[Source records]
━━━

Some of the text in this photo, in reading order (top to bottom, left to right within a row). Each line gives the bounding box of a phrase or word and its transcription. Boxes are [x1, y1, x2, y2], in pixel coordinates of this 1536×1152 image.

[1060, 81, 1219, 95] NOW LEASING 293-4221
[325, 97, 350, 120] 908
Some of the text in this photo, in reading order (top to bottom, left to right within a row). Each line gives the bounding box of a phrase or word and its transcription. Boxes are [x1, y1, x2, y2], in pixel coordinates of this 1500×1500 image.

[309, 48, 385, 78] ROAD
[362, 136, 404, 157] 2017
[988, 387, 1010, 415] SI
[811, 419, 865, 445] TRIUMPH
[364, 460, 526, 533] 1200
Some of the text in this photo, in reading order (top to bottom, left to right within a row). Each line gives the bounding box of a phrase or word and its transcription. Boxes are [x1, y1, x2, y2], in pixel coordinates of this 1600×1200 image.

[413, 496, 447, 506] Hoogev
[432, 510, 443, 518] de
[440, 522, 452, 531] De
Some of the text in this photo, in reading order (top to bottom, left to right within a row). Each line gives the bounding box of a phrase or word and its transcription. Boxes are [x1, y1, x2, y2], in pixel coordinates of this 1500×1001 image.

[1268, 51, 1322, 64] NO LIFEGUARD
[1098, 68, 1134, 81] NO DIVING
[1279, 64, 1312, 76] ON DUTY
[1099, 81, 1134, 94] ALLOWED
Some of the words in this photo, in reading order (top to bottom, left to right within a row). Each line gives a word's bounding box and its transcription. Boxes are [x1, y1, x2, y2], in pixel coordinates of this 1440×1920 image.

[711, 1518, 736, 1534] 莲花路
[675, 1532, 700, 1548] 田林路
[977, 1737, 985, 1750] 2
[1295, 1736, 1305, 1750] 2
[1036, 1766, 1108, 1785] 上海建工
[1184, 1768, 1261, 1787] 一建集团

━━━

• EXERCISE OBJECTIVE
Take the entries and copy them out exactly.

• YOUR RESPONSE
Some of the text in this photo, in reading order (top to bottom, left to right within a row). Each line gives the bounding box of a phrase or word and its transcription. Boxes are [x1, y1, x2, y2], in pixel coordinates of this 1536×1152 image.

[1060, 81, 1219, 95] NOW LEASING 293-4221
[325, 97, 350, 120] 908
Some of the text in this photo, in reading order (top to bottom, left to right within a row). Each line gives the bounding box of a phrase or word and its transcription. Boxes are [x1, y1, x2, y2], in pixel coordinates of this 1500×1500 image.

[309, 48, 385, 78] ROAD
[362, 136, 404, 157] 2017
[988, 387, 1010, 415] SI
[811, 419, 865, 445] TRIUMPH
[364, 460, 526, 533] 1200
Some of the text in this photo, in reading order (top to bottom, left to right within a row). Each line gives the bounding box of a phrase or word and its transcription. Boxes are [x1, y1, x2, y2], in pixel coordinates of this 1600×1200 image.

[413, 496, 447, 506] Hoogev
[432, 510, 443, 518] de
[440, 522, 452, 531] De
Some of the text in this photo, in reading order (top to bottom, left to right within a row). Each line gives the bounding box of a phrase or word and its transcription. Boxes are [x1, y1, x2, y2], in pixel coordinates of this 1500×1001 image.

[1268, 51, 1322, 64] NO LIFEGUARD
[1098, 68, 1134, 81] NO DIVING
[1279, 64, 1312, 76] ON DUTY
[1099, 81, 1134, 94] ALLOWED
Some of the words in this photo, in reading order (top to bottom, left to right within a row). Each line gives a word's bounding box and its transcription. Boxes are [x1, y1, x2, y2], in pixel coordinates of this 1440×1920 image.

[711, 1518, 736, 1534] 莲花路
[675, 1532, 700, 1548] 田林路
[977, 1737, 985, 1750] 2
[1295, 1736, 1305, 1750] 2
[1036, 1766, 1108, 1785] 上海建工
[1184, 1768, 1261, 1787] 一建集团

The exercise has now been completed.